▶ **Your objective**
Leave out every line before the one containing "Some of the text", and set down that line and the rest through the end of the listing exactly.

▶ **Input records**
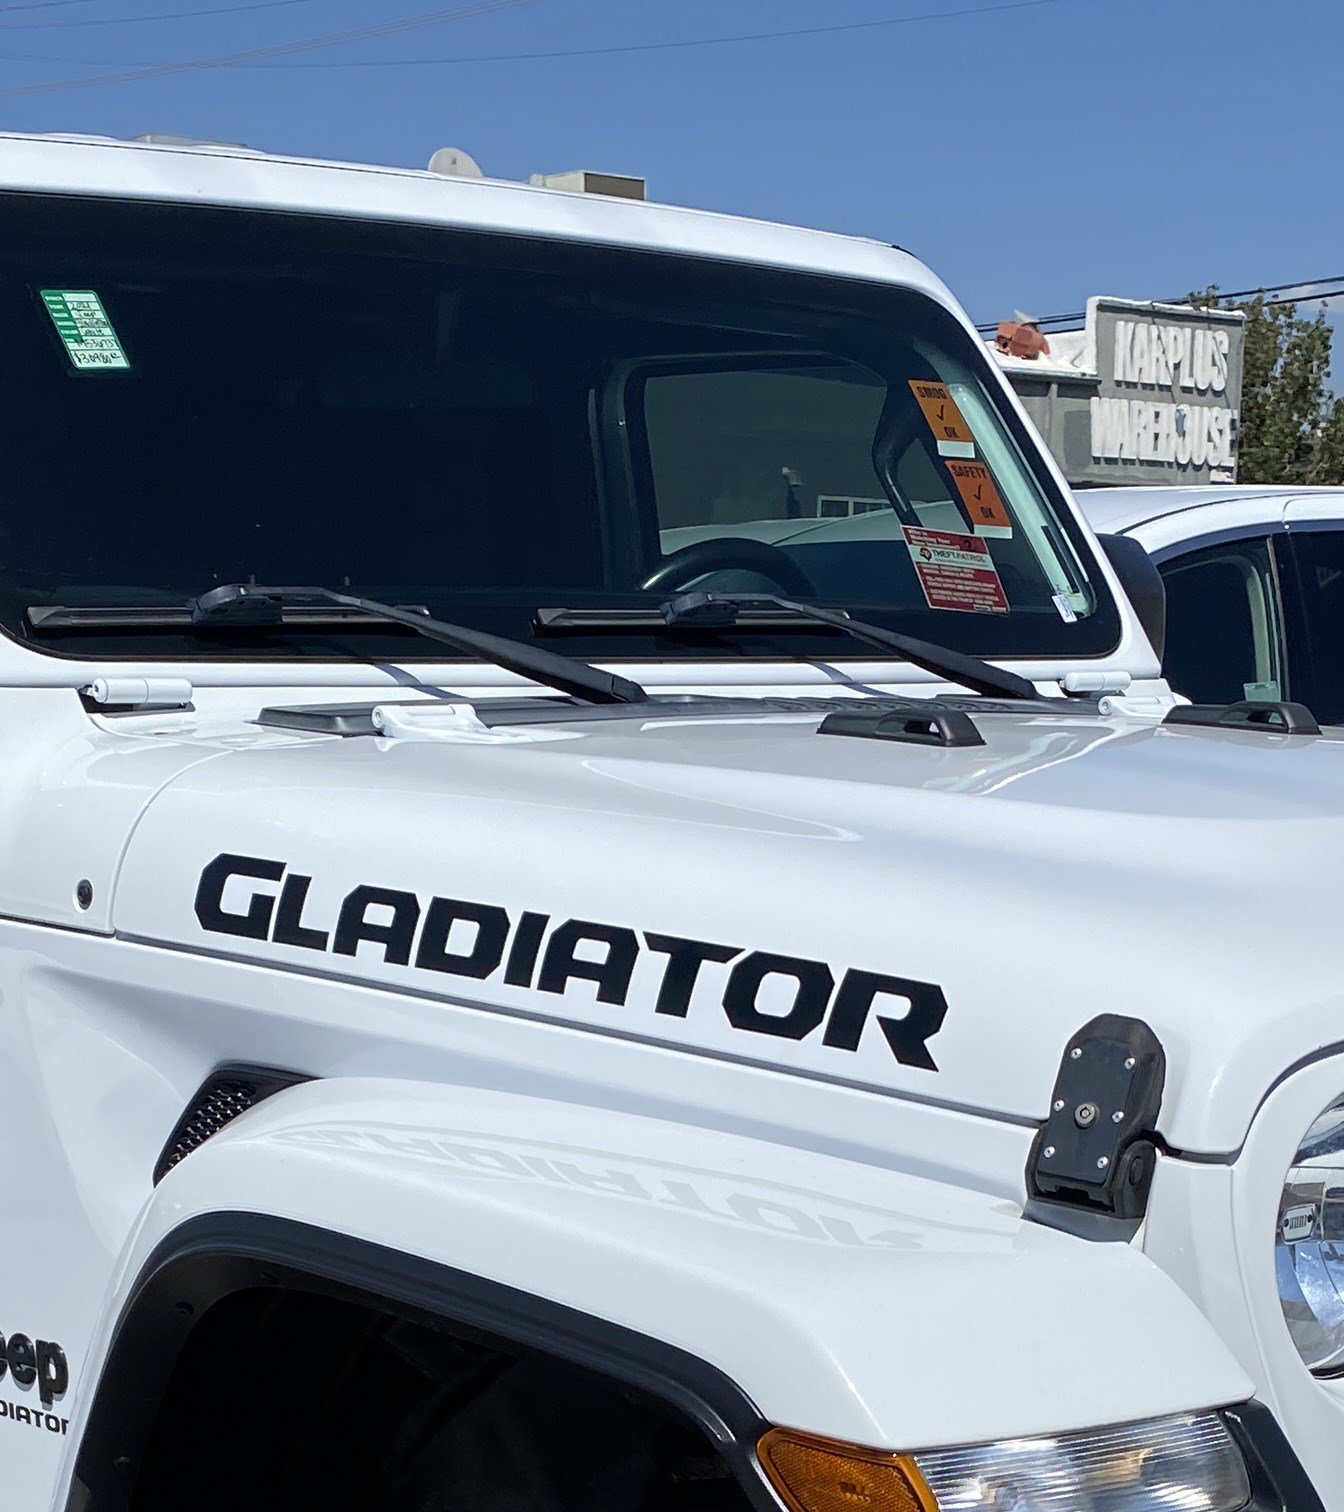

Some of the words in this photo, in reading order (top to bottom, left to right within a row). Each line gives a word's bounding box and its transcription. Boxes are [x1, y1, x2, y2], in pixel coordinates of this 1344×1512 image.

[1114, 321, 1229, 391] KARPLUS
[915, 386, 947, 400] SMOG
[944, 426, 960, 438] OK
[1090, 397, 1237, 466] WAREHOUSE
[950, 465, 988, 479] SAFETY
[980, 506, 996, 519] OK
[194, 853, 949, 1071] GLADIATOR
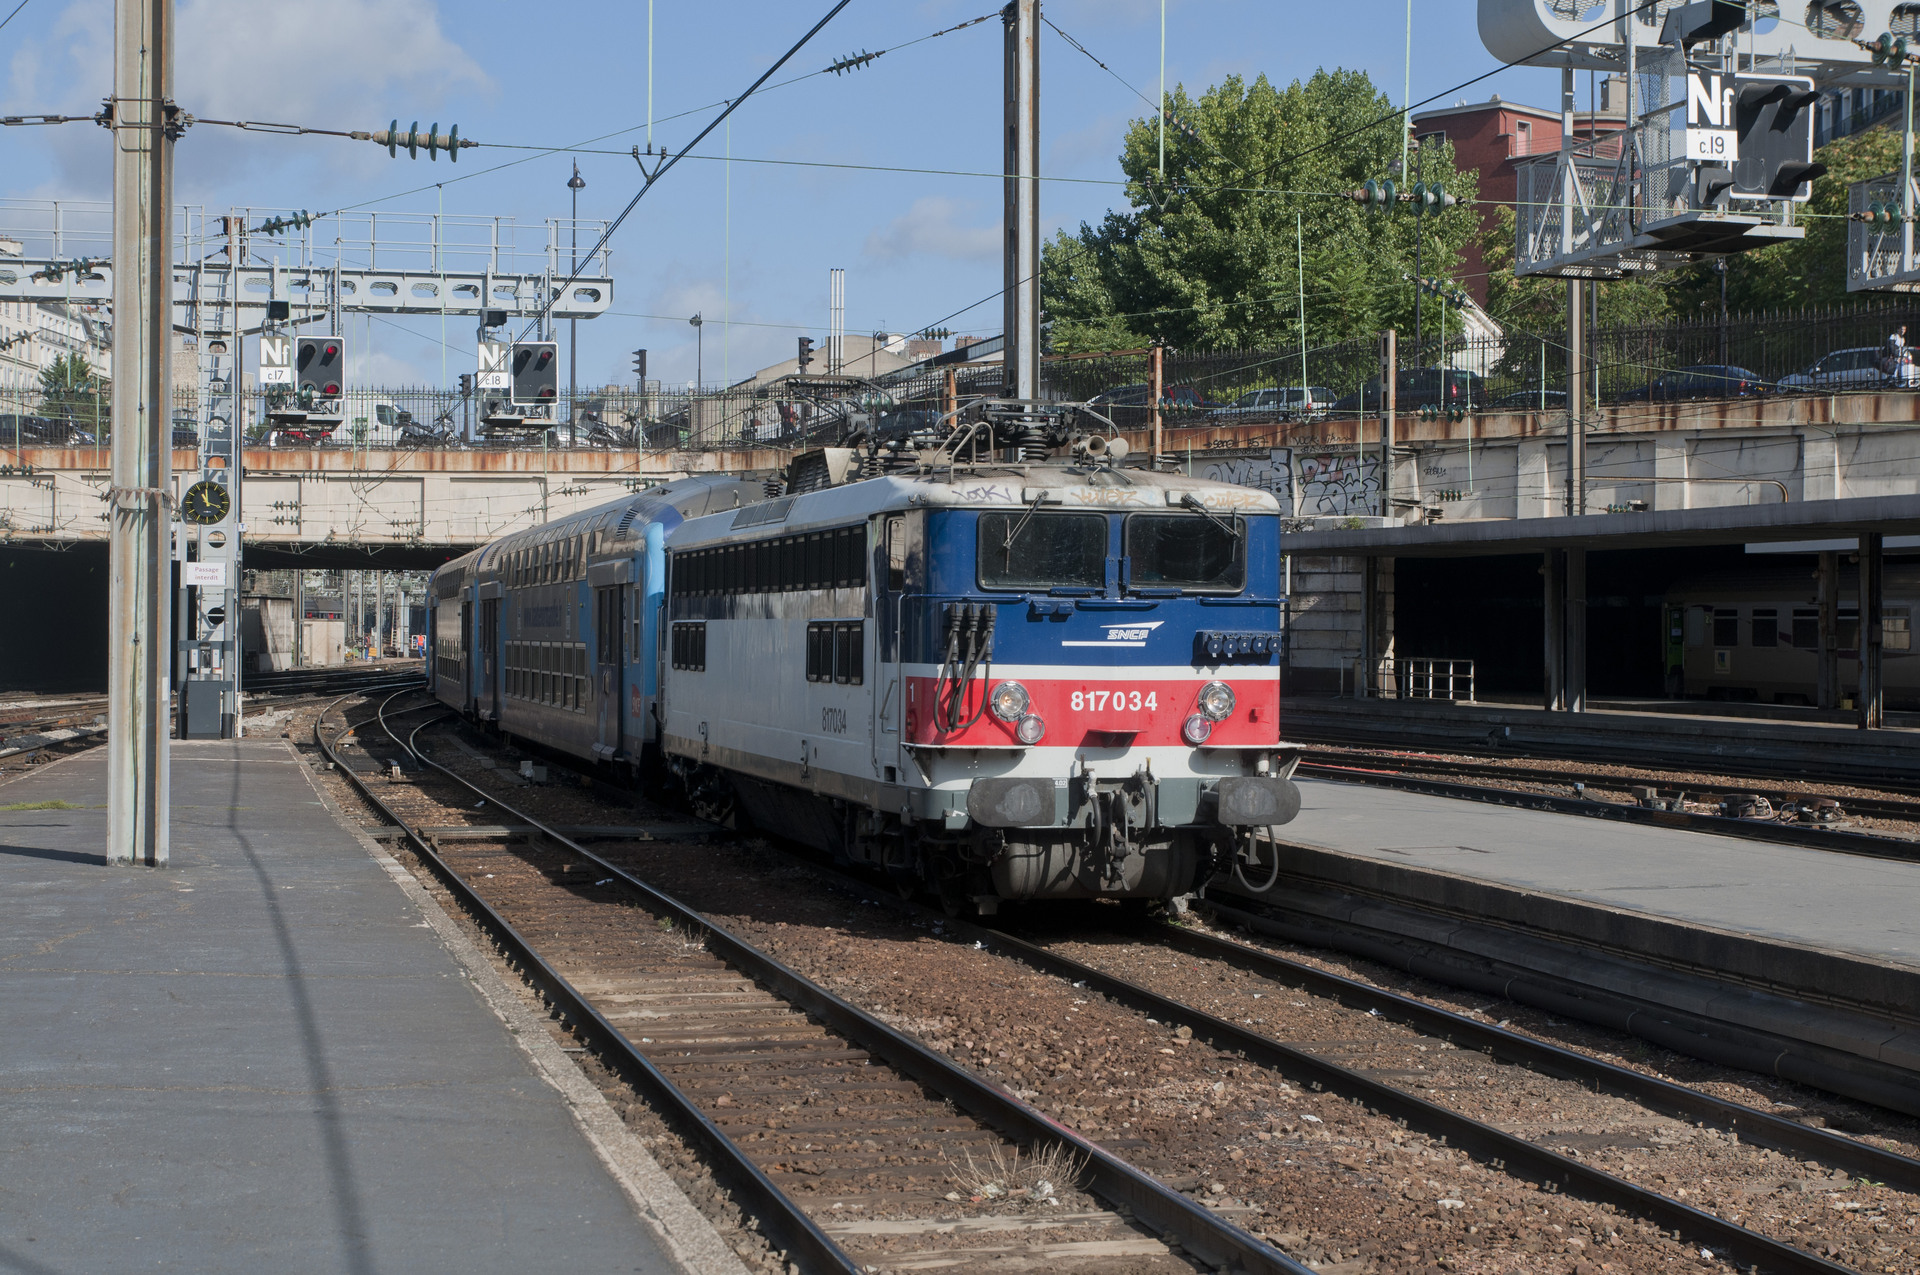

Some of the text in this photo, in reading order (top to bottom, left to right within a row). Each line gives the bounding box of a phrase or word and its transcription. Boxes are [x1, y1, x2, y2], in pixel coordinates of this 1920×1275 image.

[1687, 73, 1735, 126] Nf
[1699, 135, 1725, 154] c.19
[261, 338, 290, 365] Nf
[1107, 629, 1149, 640] SNCF
[1071, 691, 1158, 712] 817034
[822, 706, 847, 735] 817034

▶ **Exercise solution**
Some of the text in this photo, in reading order (top to bottom, left to right within a row). Each line gives the bounding box of a phrase or word and its transcription. Boxes are [x1, y1, x2, y2], in pixel coordinates of this 1920×1275 image.

[1687, 73, 1735, 126] Nf
[1699, 135, 1725, 154] c.19
[261, 338, 290, 365] Nf
[1107, 629, 1149, 640] SNCF
[1071, 691, 1158, 712] 817034
[822, 706, 847, 735] 817034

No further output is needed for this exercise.